Rubem Fonseca certamente será figura carimbada aqui no Metáforas & Reticências. O motivo? Ele nos apresenta os melhores romances do gênero policial da literatura contemporânea brasileira (Já tinha lido outros romances do gênero, principalmente os da Agatha Christie, mas não tinham me cativado tanto). Uma obra tem me levado à outra. É que Rubem Fonseca tem o hábito de resgatar personagens de romances anteriores e dar à eles uma continuação, inserindo-os em novas tramas e nos apresentando novas características a seu respeito. Bem assim foi com Gustavo Flávio. Em “Bufo & Spallanzani”, nosso escritor (fictício) faz sua primeira aparição e é nessa obra que podemos conhecer o passado desse personagem, do qual já falei um pouco quando fiz a resenha de “E do meio do mundo prostituto só amores guardei ao meu charuto”. 

Gustavo Flávio (que desconfio ser um alter ego do Rubem Fonseca), narra o romance e o transforma em seu livro de memórias. Aqui, nosso protagonista revela o seu passado, relata o assassinato de Delfina Delamare (e o seu envolvimento), sua impotência criativa para escrever seu novo romance e, claro, sua movimentada vida amorosa (se não fosse assim não seria Gustavo Flávio, convenhamos).

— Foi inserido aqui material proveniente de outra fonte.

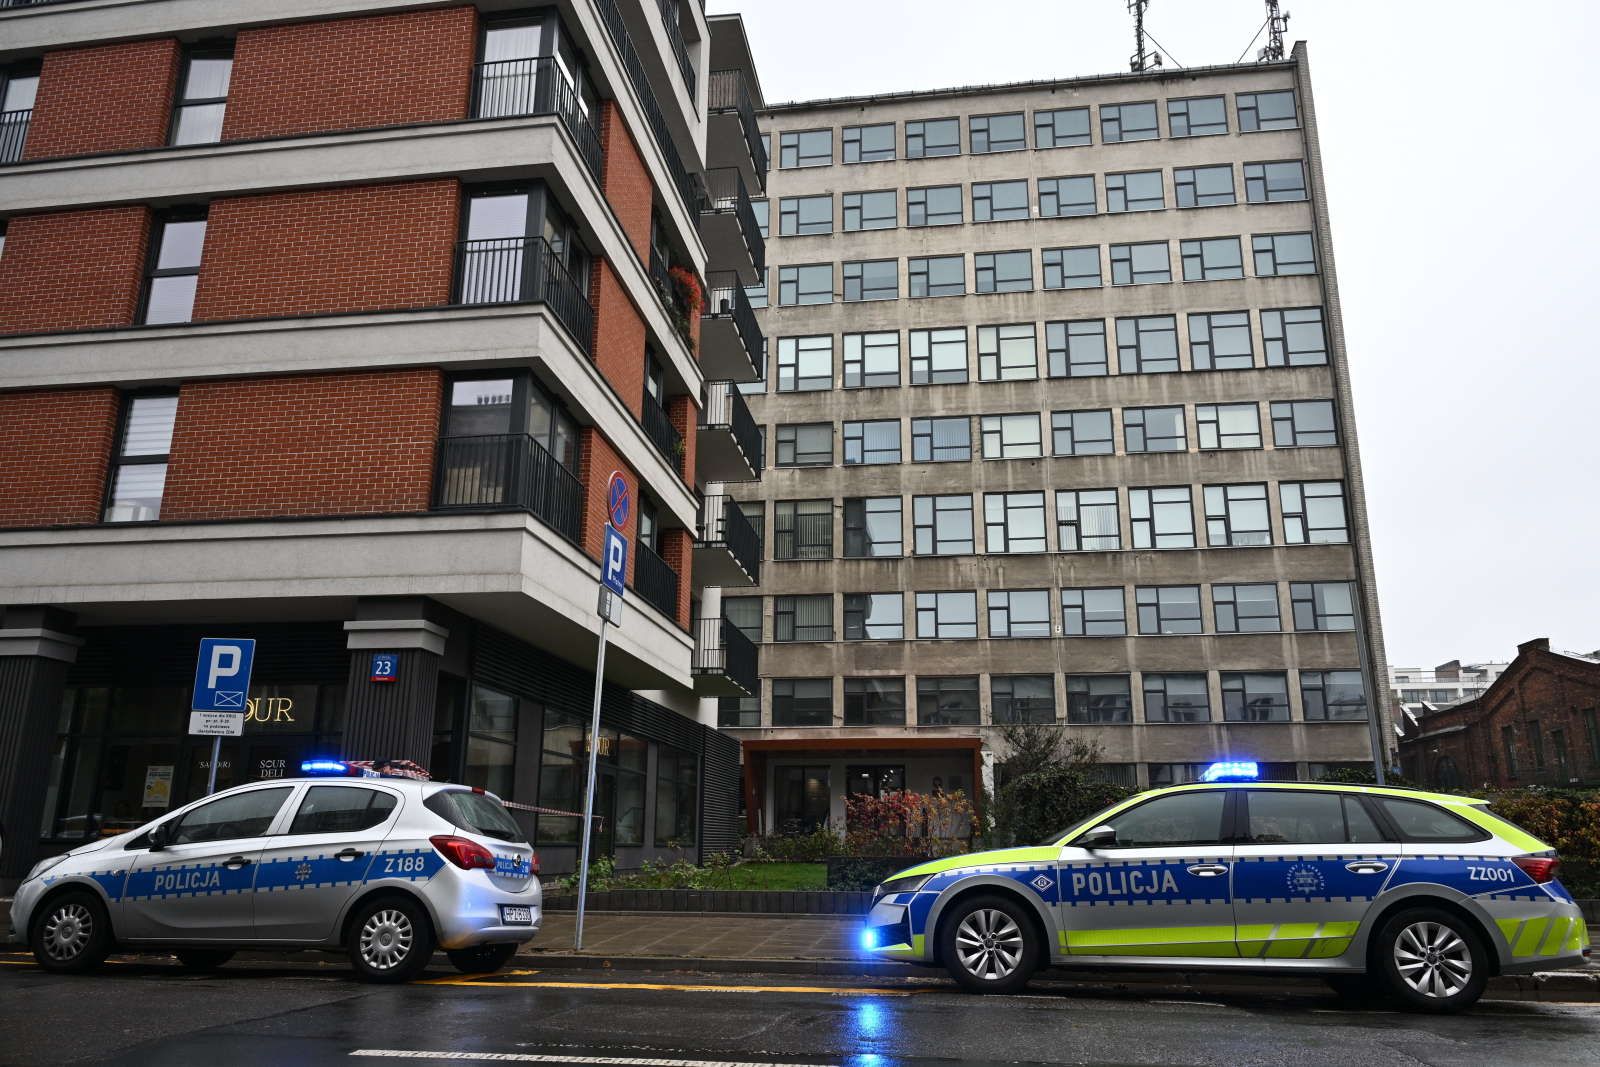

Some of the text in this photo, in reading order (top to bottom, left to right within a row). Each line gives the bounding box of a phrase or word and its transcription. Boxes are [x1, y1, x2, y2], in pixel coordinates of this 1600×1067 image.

Em “Bufo & Spallanzani”, pude conhecer outros livros escritos por Gustavo Flávio (fui tomando nota de cada um no decorrer da narrativa, porém nem todos tinham especificados do que se tratavam), são eles: “Morte e esporte: agonia como essência”, “Os amantes” (uma história de amor entre uma cega e um surdo-mudo), “Trápola” (um romance policial), “A dança do morcego” e “Joseph Mengele, o anjo da morte”, bem como conhecer outras amantes, como Zilda, Minolta e Madame X (mais tarde revelada como Delfina Delamare).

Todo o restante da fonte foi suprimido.